Isso porque a história de Umm Kulthum perpassa diversas décadas da história do próprio Egito e também da música árabe. Hoje é impossível falar de música árabe sem mencionar a cantora e o seu peso e grandeza. Tamanha é a sua importância que durante décadas algumas das críticas voltadas a ela eram pautadas justamente no excesso de visibilidade que ela tinha, pois parecia que não tocava mais nada além de Umm Kulthum nas rádios. E o rádio foi, durante a maior parte do século XX, o meio de comunicação mais importante do Egito e de diversos países árabes, e ela dominava a programação.
Mas não só de talento musical vivia a Quarta Pirâmide, ela era muito boa no mundo dos negócios também. Seus contratos com as gravadoras e as rádios eram os melhores possíveis para ela, com margens de participação nos lucros e com o maior cachê do Egito (e do mundo árabe), desde a virada da década de 20 para 30 até a sua morte nos anos 60. Seus contratos eram de tal forma que se alguém pedisse um cachê maior o dela deveria subir imediatamente para o mesmo patamar. E sua influência foi tal que ela foi presidente do Sindicato dos Músicos por anos (algo simplesmente impressionante para uma mulher no Egito) desde a sua instituição, e através da sua proximidade com o governo ela ainda tinha um passaporte diplomático, além de participar das formulação das diretrizes para o Ministério da Cultura.
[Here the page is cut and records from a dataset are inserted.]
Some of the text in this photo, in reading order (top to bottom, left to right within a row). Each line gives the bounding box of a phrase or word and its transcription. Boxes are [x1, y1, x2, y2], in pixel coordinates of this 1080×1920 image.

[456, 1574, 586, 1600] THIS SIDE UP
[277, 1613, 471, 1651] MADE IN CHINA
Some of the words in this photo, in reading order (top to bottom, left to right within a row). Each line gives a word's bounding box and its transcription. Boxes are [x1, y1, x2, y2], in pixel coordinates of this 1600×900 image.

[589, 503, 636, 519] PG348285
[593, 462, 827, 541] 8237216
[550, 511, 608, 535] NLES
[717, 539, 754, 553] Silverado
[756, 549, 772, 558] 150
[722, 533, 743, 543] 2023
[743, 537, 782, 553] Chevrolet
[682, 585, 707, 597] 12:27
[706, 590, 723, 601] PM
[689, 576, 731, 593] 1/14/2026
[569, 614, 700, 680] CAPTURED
Seus concertos duravam horas e além de serem sempre lotados, ainda por cima eram transmitidos, primeiro pelo rádio e depois pela televisão. Ela foi um dos últimos cantores no mundo árabe a trabalharem nesse estilo tradicional, onde a maioria dos músicos não tinham as músicas anotadas em partituras, mas sabiam tudo de cor e improvisavam em cima, de acordo com as repetições que a cantora fazia de cada linha da música. E Umm Kulthum sabia se comunicar com o seu público, escolhendo não só as músicas que iria cantar de acordo com o humor da sua audiência, mas também repetindo as estrofes de acordo com os pedidos feitos na hora. Dessa forma, cada concerto era absolutamente único e inimitável, e tanto a cantora e sua orquestra quanto o público participava na "criação musical" daquela noite, onde cada música podia durar entre 45 minutos a 1 hora em meia.
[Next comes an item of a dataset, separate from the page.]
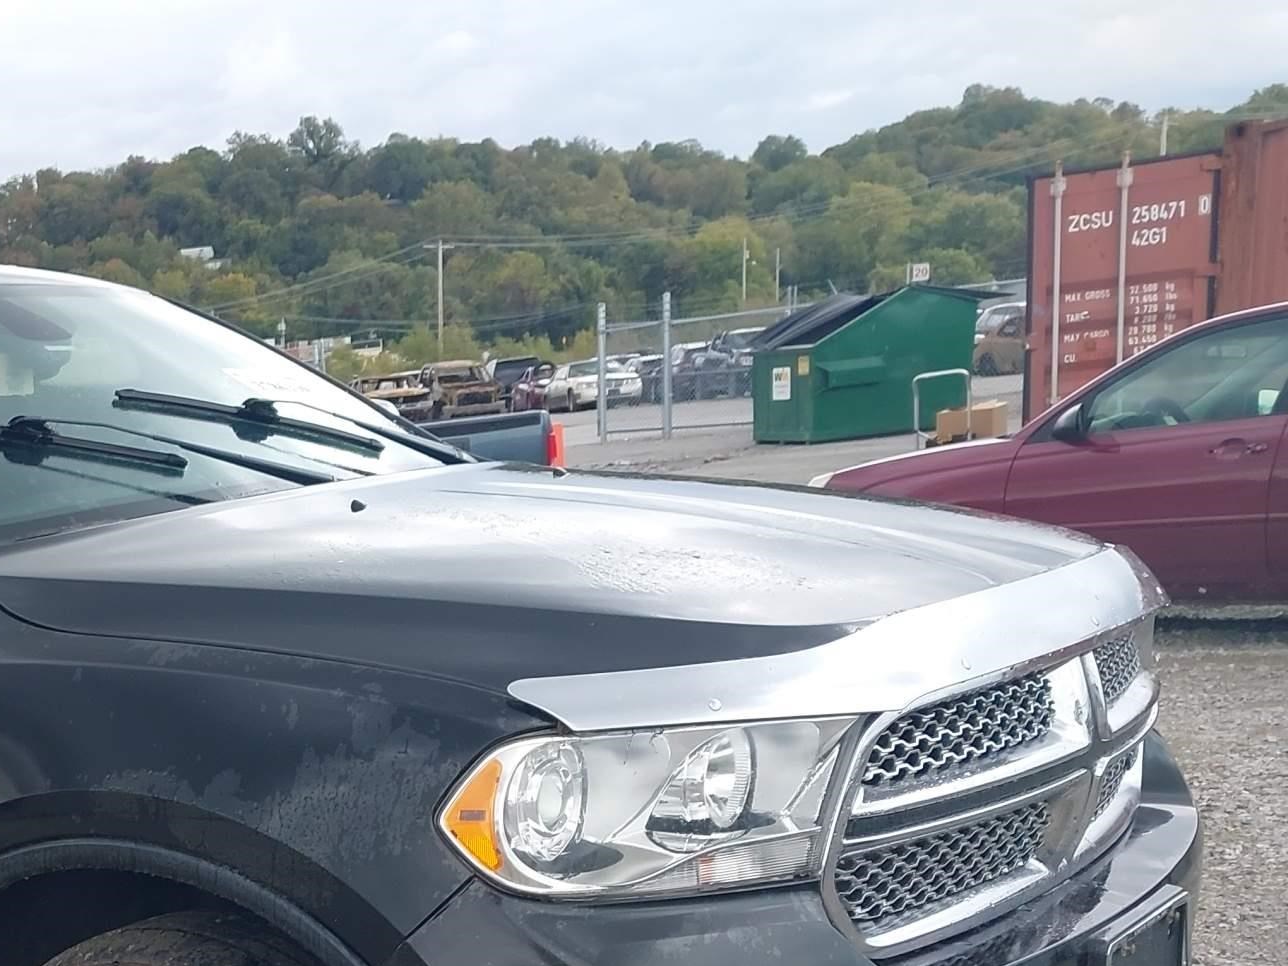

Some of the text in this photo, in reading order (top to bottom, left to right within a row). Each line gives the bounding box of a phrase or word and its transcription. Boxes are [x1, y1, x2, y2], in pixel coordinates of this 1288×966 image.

[1068, 210, 1113, 232] ZCSU
[1132, 200, 1186, 224] 258471
[1131, 227, 1167, 246] 42G1
Mas como ela atingiu todo esse sucesso?
A conclusão que o livro nos mostra é que Umm Kulthum, por ter tido uma educação (informal) melhor do que a média com o seu pai que era sheique, e por isso sabia recitar muito bem o Corão, teve de cara um recebimento diferenciado quanto chegou desconhecida no Cairo, tanto pelas elites quanto pelas camadas mais pobres da população, de onde ela própria veio. Ela não só tinha uma voz e um talento musical invejáveis, mas ela ascendeu pela sua própria perseverança e estudo, se tornando uma mulher considerada extremamente culta. E isso sem perder o contato com as suas raízes humildes, se mostrando um exemplo de mulher egípcia recatada e religiosa, mas ao mesmo tempo, com o contato com as elites, ela também aprendeu a ser refinada e elegante. Dessa forma, ela conseguiu personalizar um sonho coletivo de ascensão social, sem perder o contato com as tradições egípcias, mas também com um refinamento e peso intelectual que agradavam as camadas abastadas.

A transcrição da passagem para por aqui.